One such treasure hunter is Dr. Adam Powell, who is the President and founder of the healthcare consulting firm Payer+Provider Syndicate, which uses economic and health services research techniques to drive operational change within hospitals and health insurance companies. Dr. Powell and his team comprise a unique company that is an innovation both in its design and the types of services it provides. In a very real sense, Payer+Provider itself is the innovation.

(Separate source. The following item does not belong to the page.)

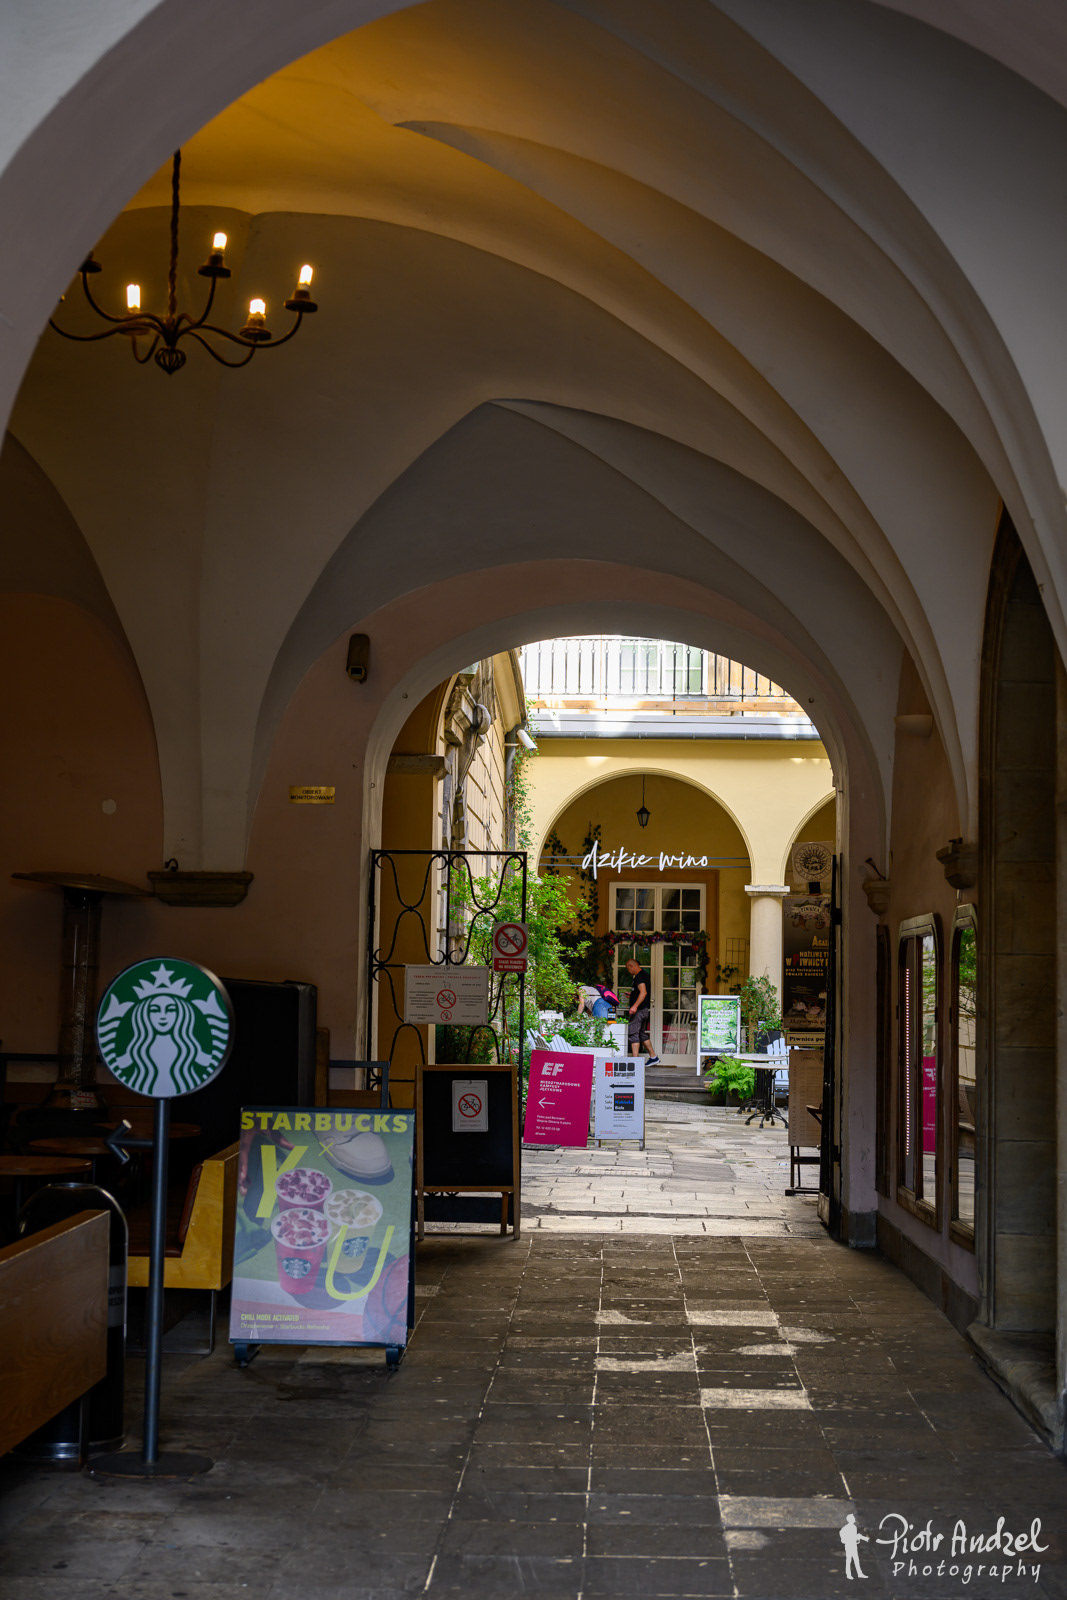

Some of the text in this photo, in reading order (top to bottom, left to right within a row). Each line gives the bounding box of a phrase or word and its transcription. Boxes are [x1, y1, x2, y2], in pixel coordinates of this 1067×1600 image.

A company of industry leaders that define the problems instead of solving them

One of the primary differentiators of Payer+Provider is that every consultant in the firm is a recognized field expert, holding at least doctorate in a relevant field. Thus, all of the people on the Payer+Provider team have produced world-class, peer-reviewed research on health services, and have an exceptionally deep understanding of the problems they solve. Rather than solely being called in to solve a client's problems, Payer+Provider has already generated solutions to specific problems in the industry and is working on applying these solutions to the unique versions of the problems face by their clients (see, for example, their TraumaQi program).[1] This, of itself, is a two-fold innovation:

1) Bringing in experts and giving them space both to cross-talk and to talk to people on the front lines, which allows for the application of deep knowledge to elicit new insights.

2) Defining the problem/use that fits the solution -- this is looking at innovation in the other direction!

Looking for innovations in different places


In keeping with the spirit of disruptive innovation, Dr. Powell and his team work on redesigning healthcare from the ground up, bringing both microeconomists and physicians together (and, in the case of the firm's Chief Medical Officer, a physician-economist) to generate operational change instead of the regulatory or strategic change that most firms provide.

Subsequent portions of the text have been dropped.